Welcome to the Jittery, Jobless Recovery

As the economy shuffles out of recession, conflicting economic data continue to confound investors and suggest the recovery will be anything but smooth.

Consider the recent headlines and the market reactions. The third quarter finished with a surprise 3.5% pickup in the gross domestic product, sending the Dow Jones Industrial Average up 200 points on Oct. 29. Worries over the dollar blasted the index back 250 points the next day.

Thursday's report of declining jobless claims whipped the Dow up 204 points, after initial claims for jobless benefits fell to their lowest level since Jan. 3. Friday, the Labor Department said the unemployment rate had reached 10.2%, its highest point since 1983.

That seemed to render obsolete some earlier pondering over when the government would begin to ease its broad stimulus programs – and consider hiking interest rates from near-zero levels.

Recovery? Think again, wrote Stuart Hoffman, PNC chief economist.

"Despite improvement to many other economic indicators, labor market conditions are still deteriorating and will likely continue to deteriorate through the rest of this year," he wrote Friday. "Lack of job creation is now the fundamental problem for the economy, threatening to keep a drag on economic growth in 2010."

Wednesday's ruling by the Federal Reserve's Open Market Committee leaving rates in place was never in doubt, so many pundits shelved their guesswork for this meeting and speculated instead over when interest rates would eventually rise.

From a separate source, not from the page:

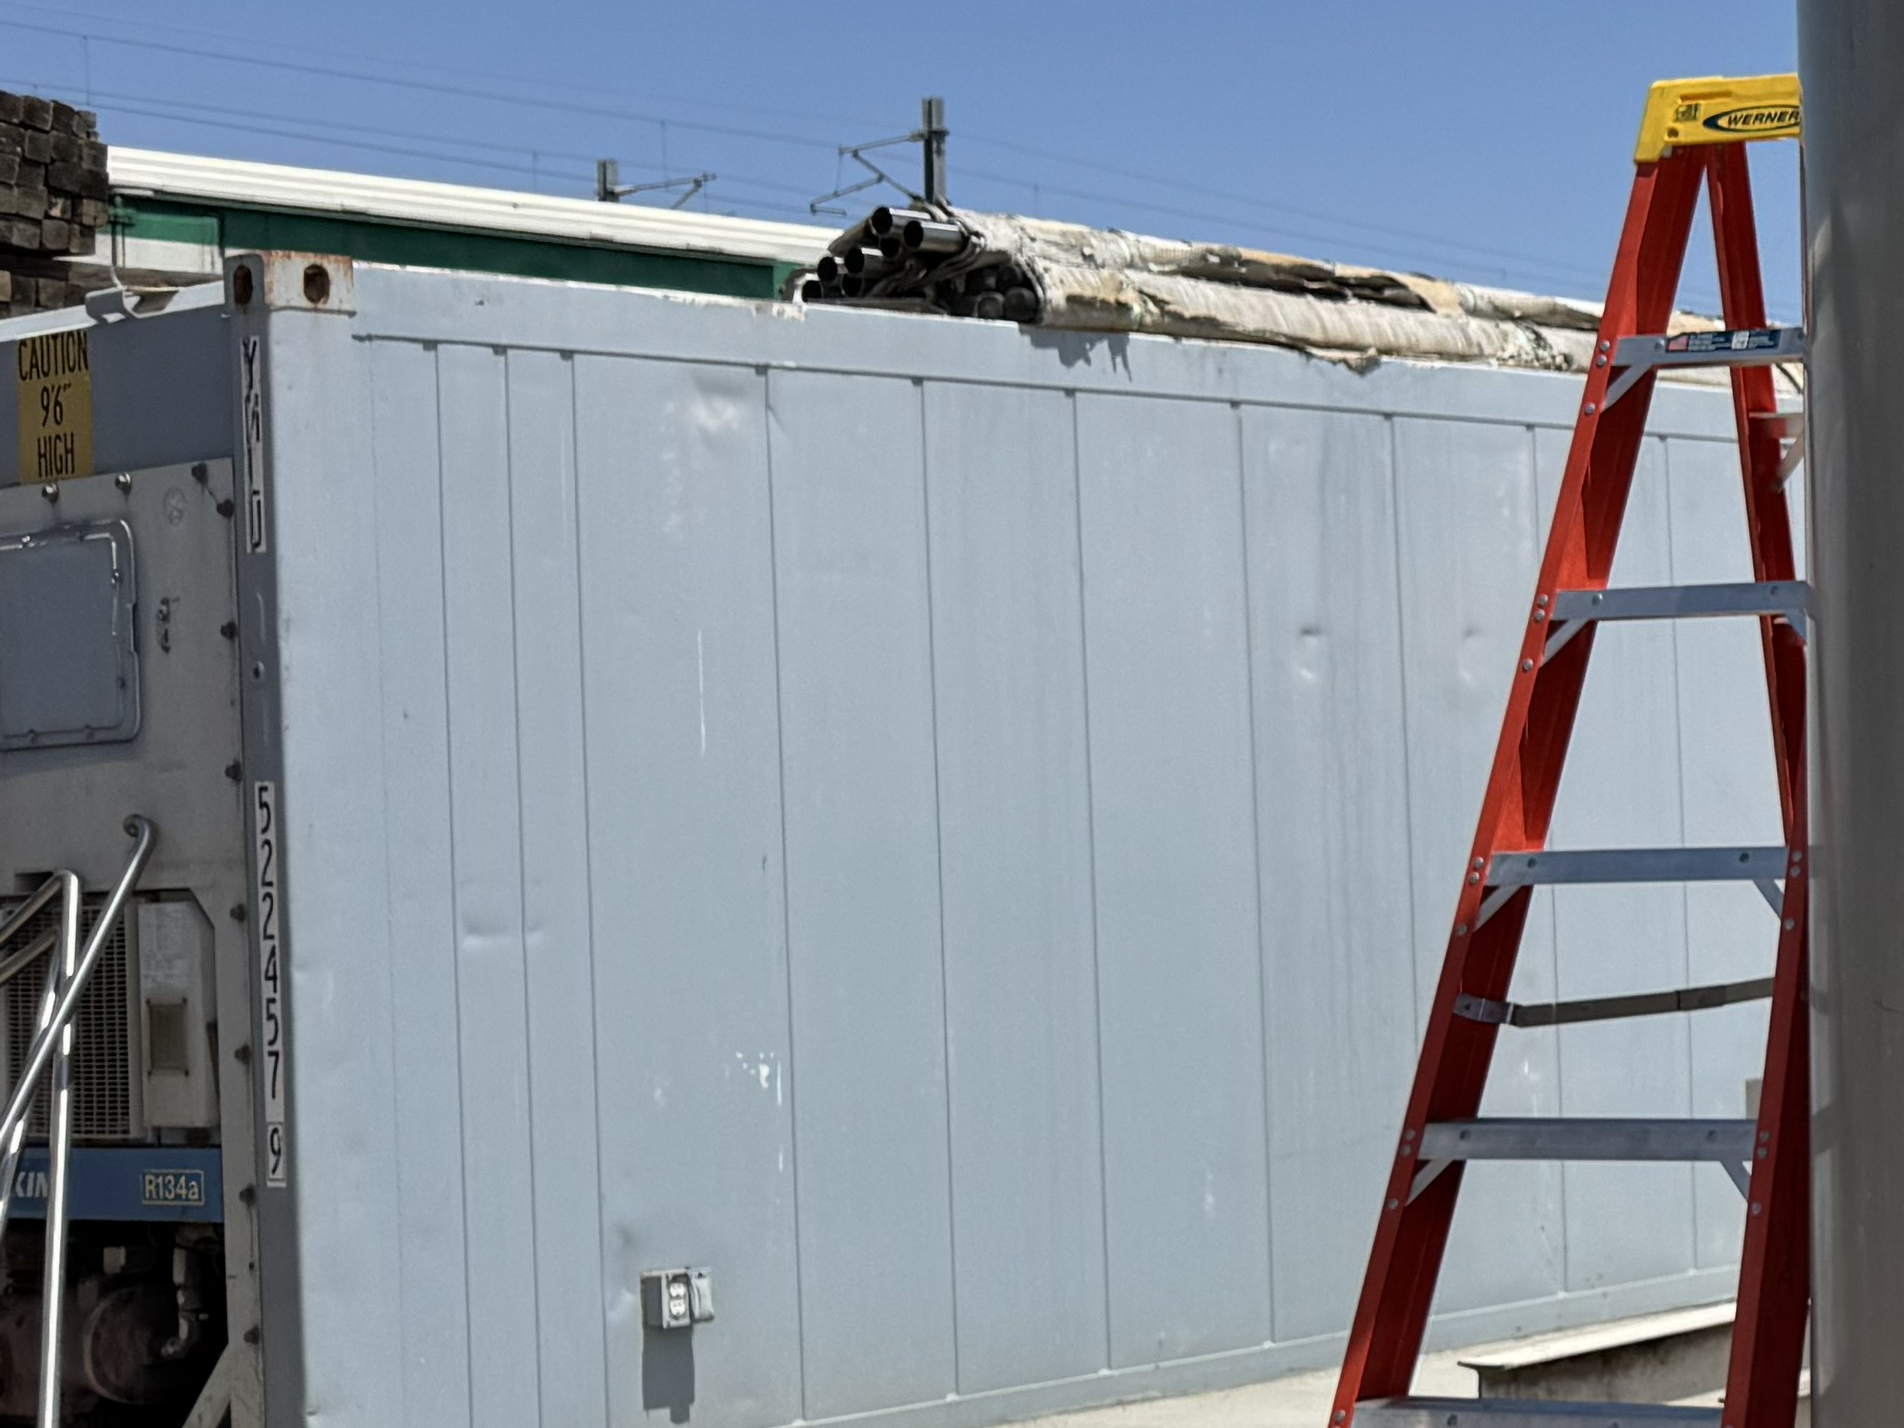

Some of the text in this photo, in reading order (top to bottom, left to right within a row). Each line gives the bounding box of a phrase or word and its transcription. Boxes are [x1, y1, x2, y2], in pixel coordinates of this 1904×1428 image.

Bank of America-Merrill Lynch economist Drew Matus said that low interest rates are part of the government’s wider stimulus strategy and are only now producing results. He added that talk of ending stimulus is premature, if not foolish.

"Timing the Fed's 'exit strategy' is difficult, particularly as the 'entrance strategy' has not ended," he wrote Wednesday. "We believe it is too soon for the Fed to adjust its language to reflect a shift towards the removal of policy accommodation."

Donald Ratajczak, chief economist for Morgan Keegan, wrote Nov. 2 that spending support is still vital.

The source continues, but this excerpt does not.